He looked pained and crossed his arms like he had to stop himself from reaching out to me. "You told me to leave you alone."

I thought back to last night, okay yes, I said that in the heat of the moment but only because of what he was trying to talk about. I didn't mean forever. God, did he really think I meant for good?

"Yes, because you were yelling at me, and I didn't want to talk. I didn't mean for good." I groaned.

"I pushed too hard last night, and I lost my temper. You want your space; you want me to back off and the message has been received." He clenched his jaw like he wanted to say more.

"You clearly have some stuff you want to say to me so say it." I crossed my arms and my t-shirt slid further down my shoulder. Warner's eyes tracked every movement.
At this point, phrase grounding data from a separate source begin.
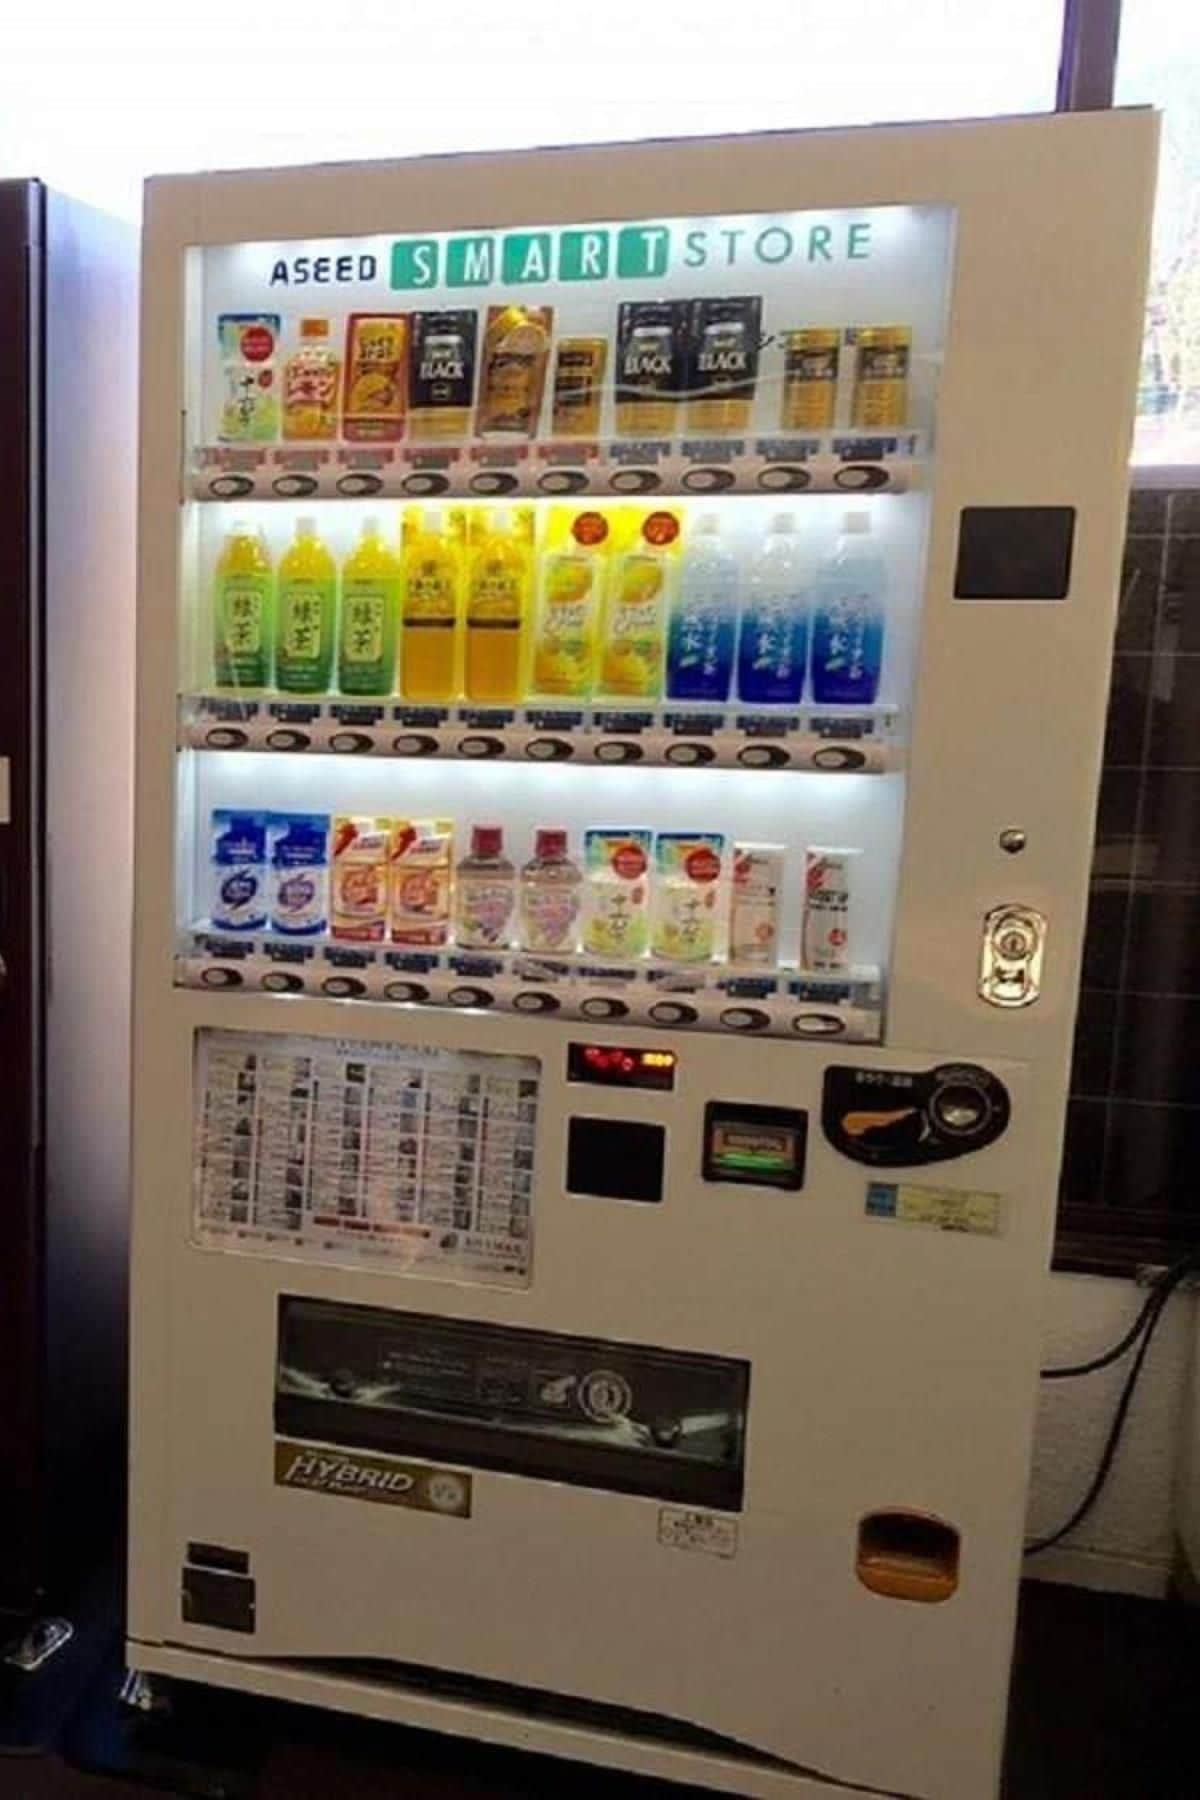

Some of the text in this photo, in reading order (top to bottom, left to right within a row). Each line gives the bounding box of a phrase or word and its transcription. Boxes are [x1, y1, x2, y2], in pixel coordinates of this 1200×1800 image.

[269, 222, 871, 287] ASEED SMART STORE
[419, 360, 465, 380] BLACK
[624, 353, 672, 375] BLACK
[697, 350, 747, 374] BLACK
[284, 1454, 416, 1492] HYBRID
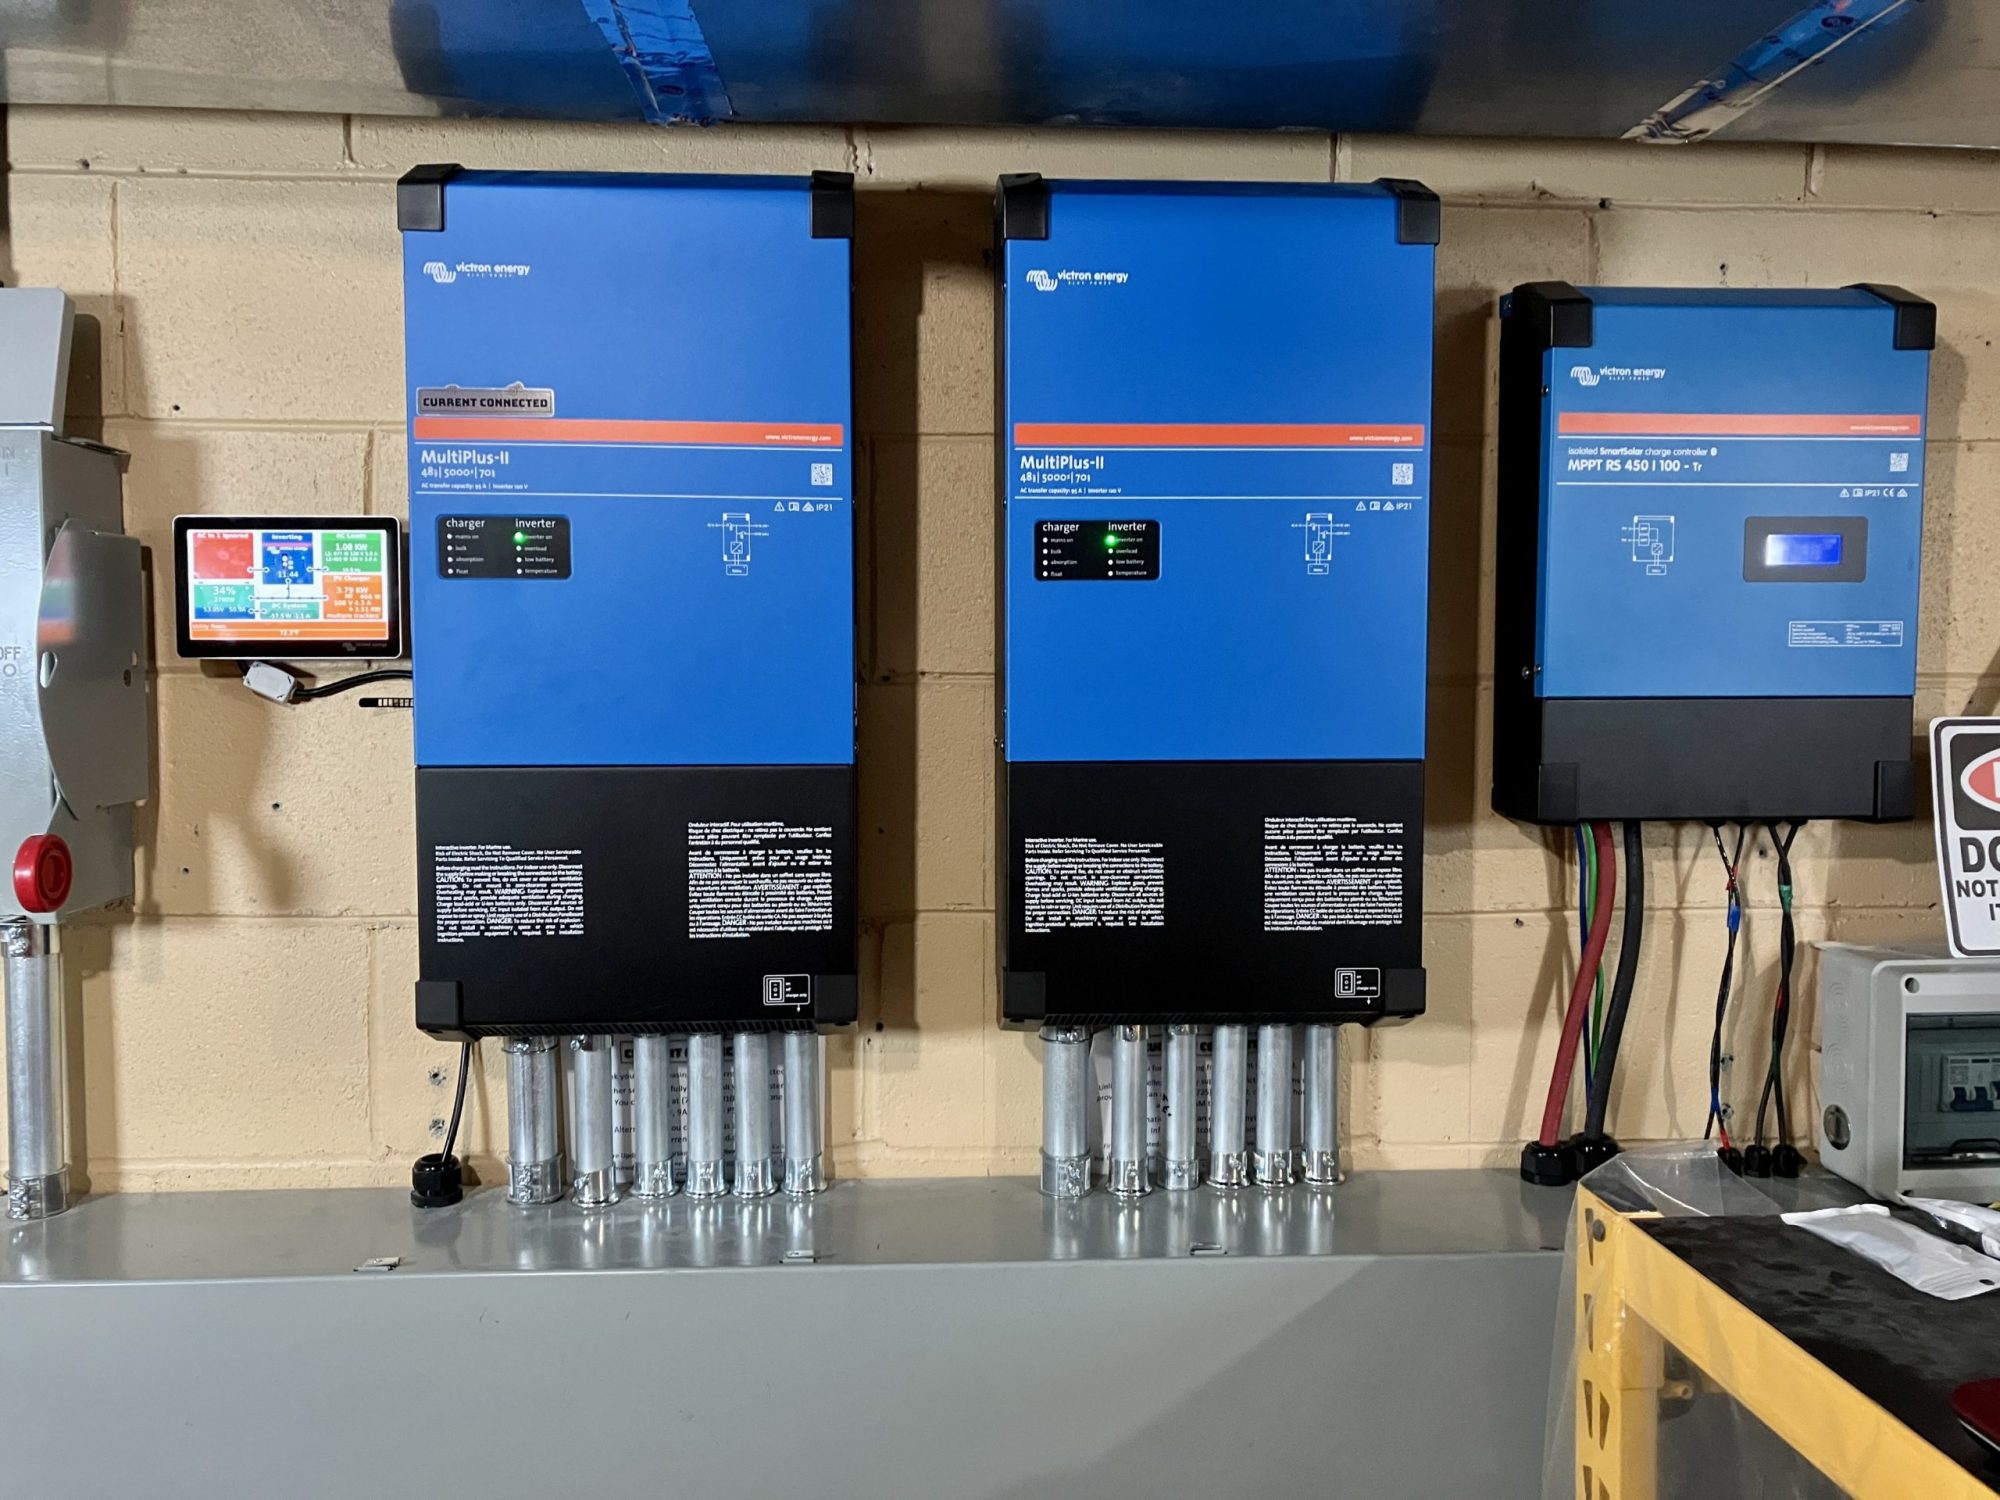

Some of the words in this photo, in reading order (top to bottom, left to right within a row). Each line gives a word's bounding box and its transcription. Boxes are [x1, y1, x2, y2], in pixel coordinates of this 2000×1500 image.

[456, 262, 491, 273] victron
[494, 263, 530, 276] energy
[1058, 270, 1092, 280] victron
[1094, 272, 1128, 284] energy
[1600, 366, 1631, 376] victron
[1633, 368, 1666, 379] energy
[423, 398, 477, 407] CURRENT
[480, 398, 548, 408] CONNECTED
[765, 434, 832, 442] www.victronenergy.com
[420, 449, 509, 464] MultiPlus-II
[1568, 447, 1598, 456] isolated
[1600, 447, 1644, 456] SmartSolar
[1644, 448, 1671, 458] charge
[1673, 448, 1708, 456] controller
[1020, 455, 1104, 470] MultiPlus-II
[1568, 460, 1603, 472] MPPT
[1606, 460, 1621, 472] RS
[1624, 460, 1648, 472] 450
[1660, 460, 1680, 472] 100
[1692, 462, 1702, 472] Tr
[446, 518, 485, 530] charger
[515, 518, 555, 528] inverter
[1042, 522, 1079, 534] charger
[1108, 522, 1146, 531] inverter
[213, 586, 236, 595] 34%
[1956, 880, 1998, 898] NOT
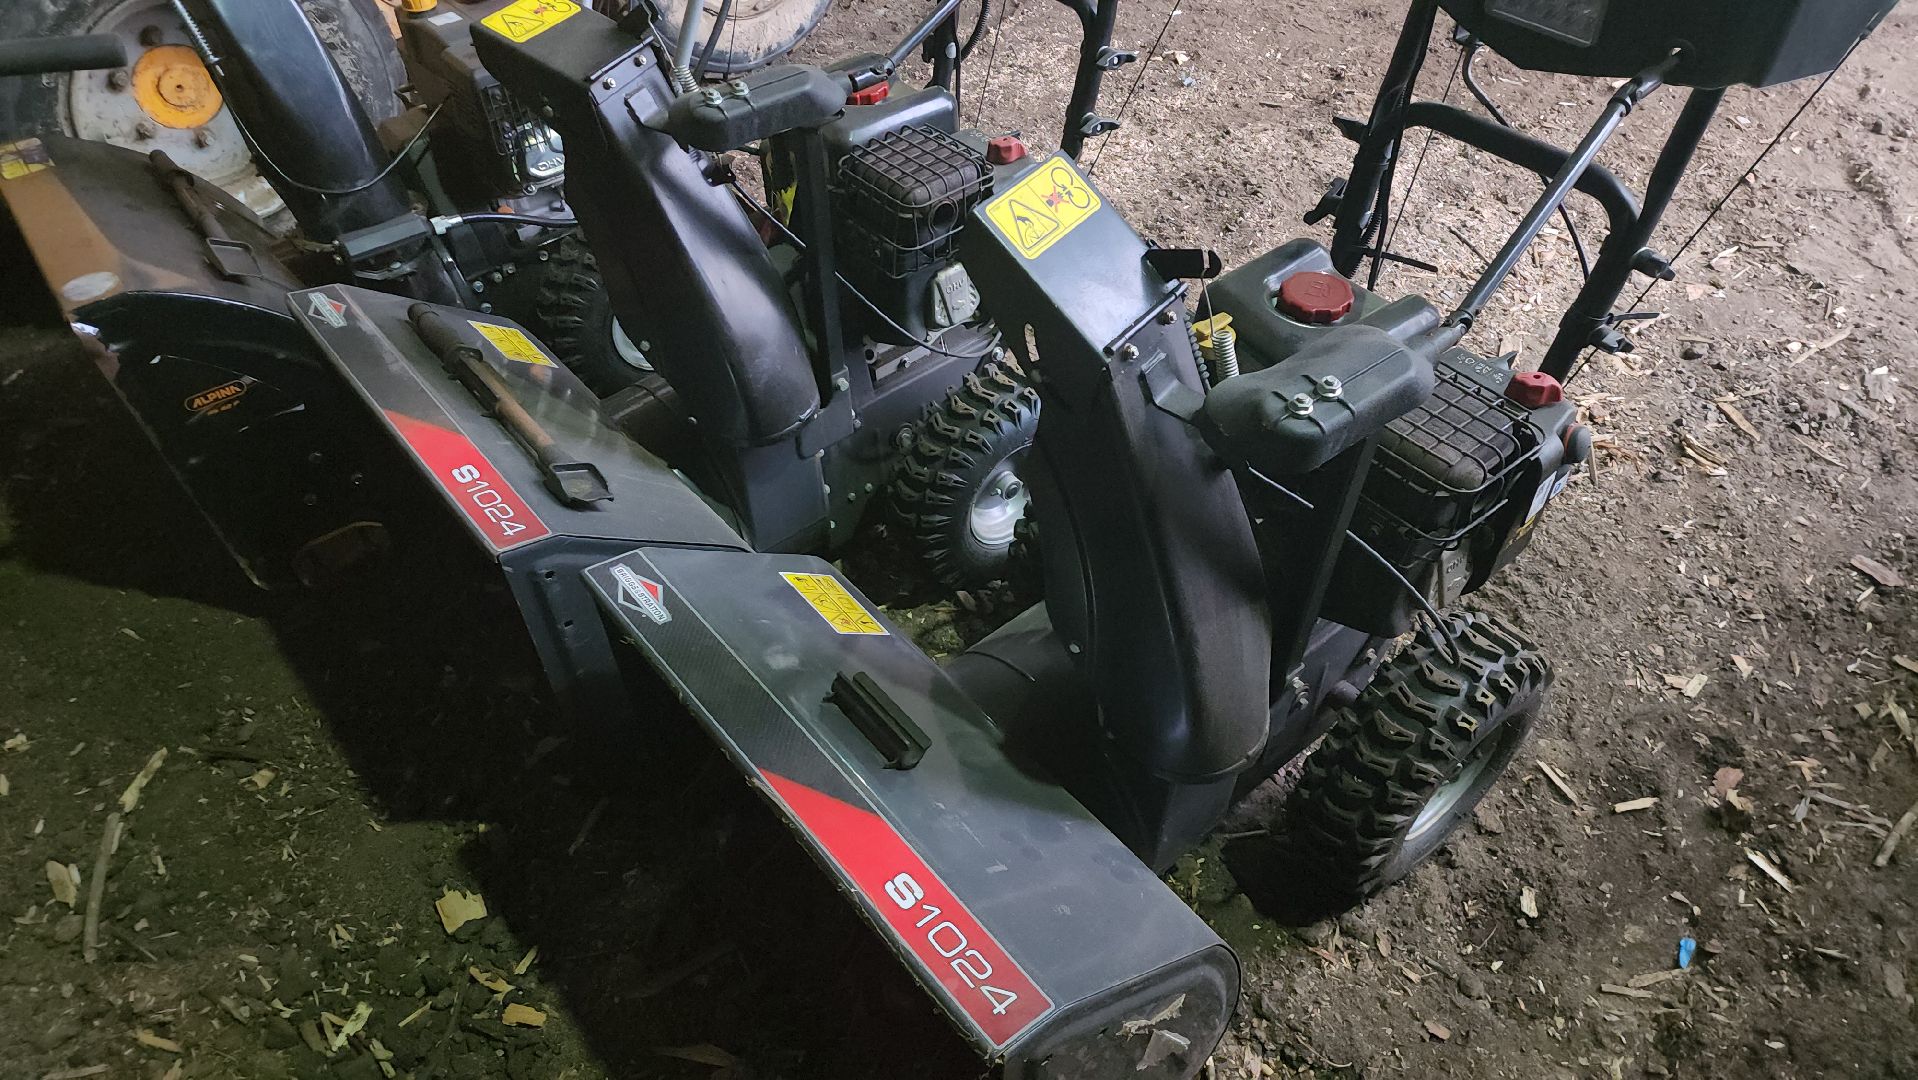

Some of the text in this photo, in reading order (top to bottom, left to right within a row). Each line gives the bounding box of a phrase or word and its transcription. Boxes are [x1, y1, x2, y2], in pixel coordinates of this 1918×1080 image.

[193, 385, 242, 409] ALPINA
[451, 464, 527, 536] S1024
[884, 872, 1018, 1015] S1024
"I just feel like you are never going to trust me."

"Trust you?" I scoffed. That's rich coming from him, I have been trying to get him to open up about his dad for months and he hasn't trusted me enough to tell me anything about it.

Hot temper poured in me. "As if there aren't things you keep from me. Pot meet kettle!"

"You are so frustrating. Anything I keep from you is for your own good."

"Yes, because you are the only one who knows what is good for me! God, you are so arrogant." I stepped closer to him challenging him, if he wanted a fight, I would give it to him.

"And you're frustrating. Not to mention the most stubborn girl I have ever met."

"You're the frustrating one. Why can't you just let it go?"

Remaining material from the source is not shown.